Digital Green Revolution : Developing a sustainable value chain in agriculture sector in Industry4 -How technology infusion can bring about large scale improvements

India has been an agriculture dependent economy for a long time. Initial decades after independence saw very little improvement on total agro output as well as yield. The data shows low level of production in 1950’s due to lack of focus on agriculture sector and use of primitive techniques. This was result of technological backwardness and lack of Govt. priorities. Next few decades saw gradual increase in production largely due to the Green revolution, spearheaded by the states of Punjab, Haryana, Western Uttar Pradesh taking the lead in increase of agriculture production in the country. Production of food grains which was very low in context to its demand grew after green revolution e.g. production of wheat which was 11.1 million tonnes in 1960s, ultimately increased to 109 million tonnes in 2021 (Source: Ministry of agriculture & farmer welfare). Total food grains production which was 50.8 million tonnes in 1950-51 increased to 303.34 million tonnes in 2021. (IBEF report 2021).

Digital Green Revolution
Fig1: Growth of food grain production in India by value (Source: Min. of statistics & programme implementation Govt. of India)

It is estimated that India’s agriculture sector accounts for only around 14 percent of the country’s economy (GDP) but for 42 percent of total employment.

Industry4o.comThe Indian agricultural sector is expected to increase to US$24 billion by value by 2025 (source INC42 report).
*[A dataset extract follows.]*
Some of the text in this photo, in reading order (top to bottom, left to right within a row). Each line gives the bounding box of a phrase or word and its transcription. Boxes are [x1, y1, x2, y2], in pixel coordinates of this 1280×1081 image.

India is the world’s second-largest producer of rice, wheat, sugarcane, cotton, groundnuts and fruits & vegetables. It also produced 25% of the world’s pulses, as of last decade, until 2019.
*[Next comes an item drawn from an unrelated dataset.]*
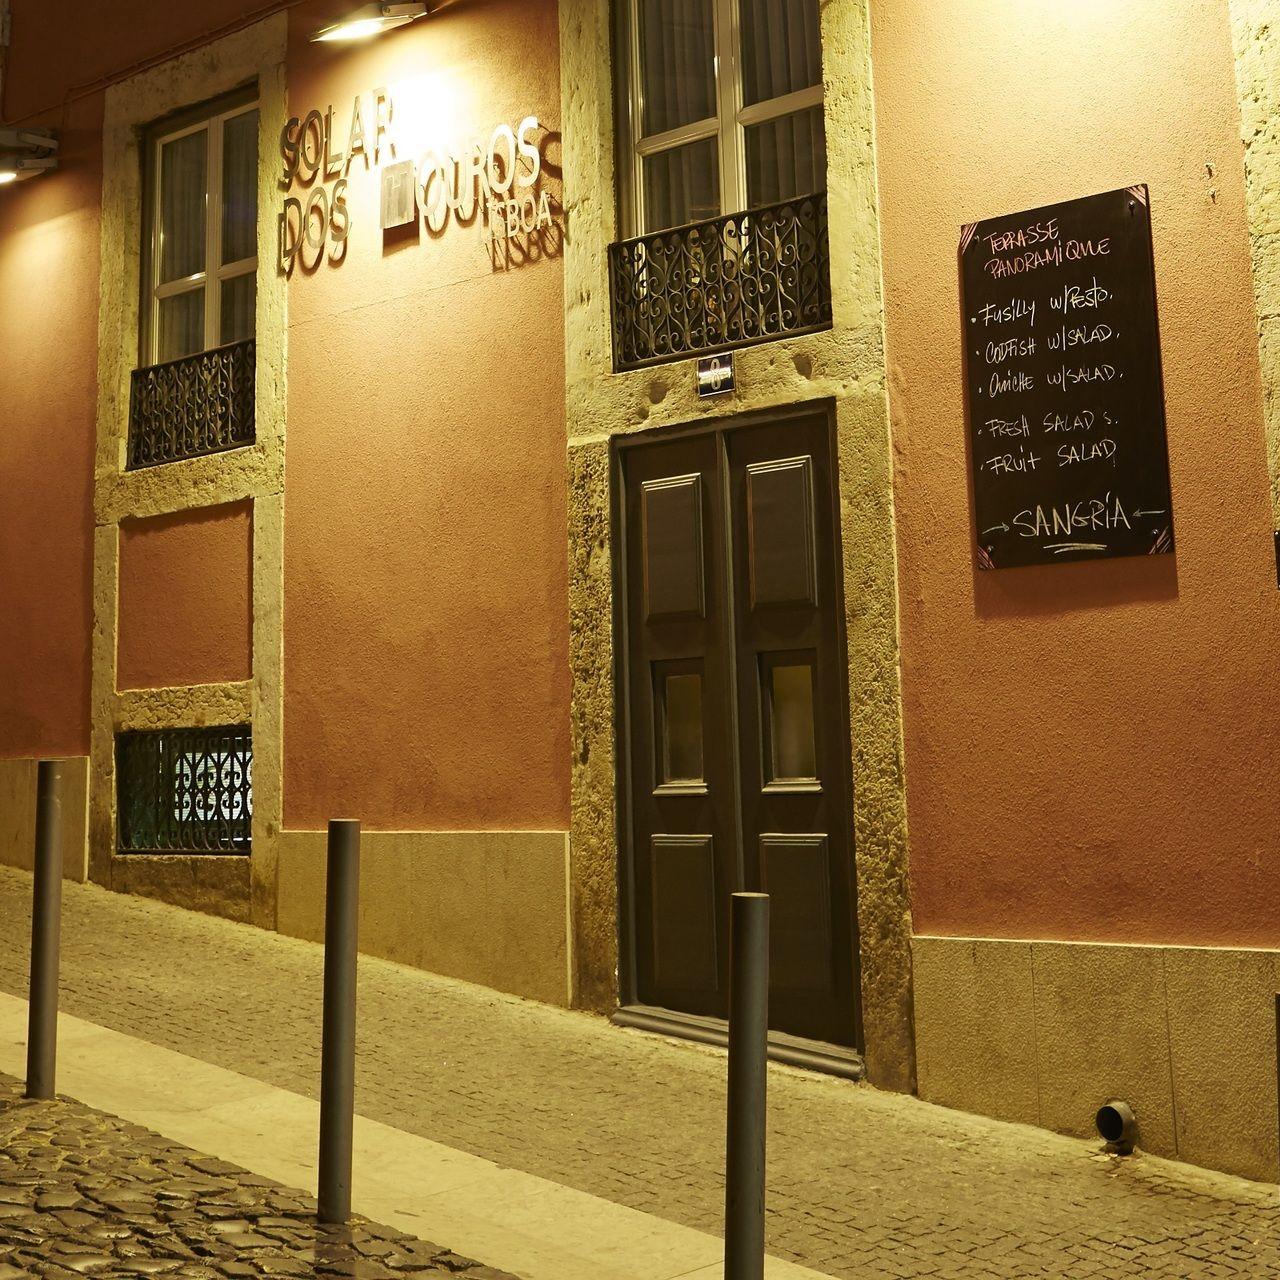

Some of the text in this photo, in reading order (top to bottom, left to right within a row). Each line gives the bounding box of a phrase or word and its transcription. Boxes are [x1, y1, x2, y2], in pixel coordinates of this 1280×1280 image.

[281, 86, 394, 180] SOLAR
[284, 178, 350, 259] DOS
[710, 358, 722, 391] 8
[985, 414, 1030, 438] FRESH
However despite making India food sufficient there is a scope of large scale improvement in use of technology in the overall agriculture supply chain. We see a low usage of technology starting with very low farm mechanization at the bottom of the technology stack to the use of high end technologies like data analytics, artificial intelligence, automation etc. Usage of these smart technologies can improve productivity and efficiency in the entire food value chain in a big way.

Though India has food sufficiency by way of adequate production, it still lacks in providing broad base food security to a large part of the population. India ranked 101 in Global Hunger Index of 116 countries (GHI report 2021). Dark spots like malnutrition, hunger and poverty associated with it could be reduced significantly in the next decade by using technology. A large global economy like India, aiming to become a $5Tn economy by 2025 needs to take urgent actions to improve lives of a large part of its population engaged in agriculture.
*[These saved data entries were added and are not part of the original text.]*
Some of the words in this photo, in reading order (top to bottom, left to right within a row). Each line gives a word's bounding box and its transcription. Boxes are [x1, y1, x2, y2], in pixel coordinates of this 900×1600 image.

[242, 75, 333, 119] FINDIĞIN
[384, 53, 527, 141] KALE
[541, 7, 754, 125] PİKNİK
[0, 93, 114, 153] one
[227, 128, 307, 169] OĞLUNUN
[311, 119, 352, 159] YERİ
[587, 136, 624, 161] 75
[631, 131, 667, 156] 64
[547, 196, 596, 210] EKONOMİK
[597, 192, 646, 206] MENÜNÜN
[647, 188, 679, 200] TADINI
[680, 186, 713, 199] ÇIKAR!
Issues and challenges for the sector:

Low farmer income, uncertainties associated with the farming, poor economic yields (debt trap), wastages, low yields, low mechanization, higher production costs, low productivity, middlemen commissions, uncertain crop insurance are the key challenges for the sector which is one of the most important part of the national economy.

Average Indian farmer income is small by global standards (USA:$44,155, India:$1635). Low land holdings also pose agri ownership/management problems. As per Govt. data more than 70% of farmers in India have land holding of less than 1 hectare (India stats 10th census of land holding). To increase farmer income from current Inr122,616 (around$1635) to INR250,000 per hectare (doubling farmers income in India by 2023, Niti Aayog policy paper no. 1/2017) would need an inclusive and decisive action plan for the entire value chain. This would call for a complete review of technology infusion and productivity enhancement in the agriculture.

Low productivity as a result of inefficient farming has been a major issue with India. Currently, India produces 106.19 million tonnes of rice a year from 44 million hectares of land. That’s a yield rate of 2.4 tonnes per hectare, placing India at 27th place out of 47 countries. China and Brazil have yield rates of 4.7 t/ha and 3.6 t/ha, respectively. If Indian agricultural productivity was at these rates, we could produce 205.52 million tonnes and 160.01 million tonnes of rice, respectively. Egypt leads the world in rice yields—at Egypt’s yield rate, India could almost triple its rice output. (OECD FAO agriculture database)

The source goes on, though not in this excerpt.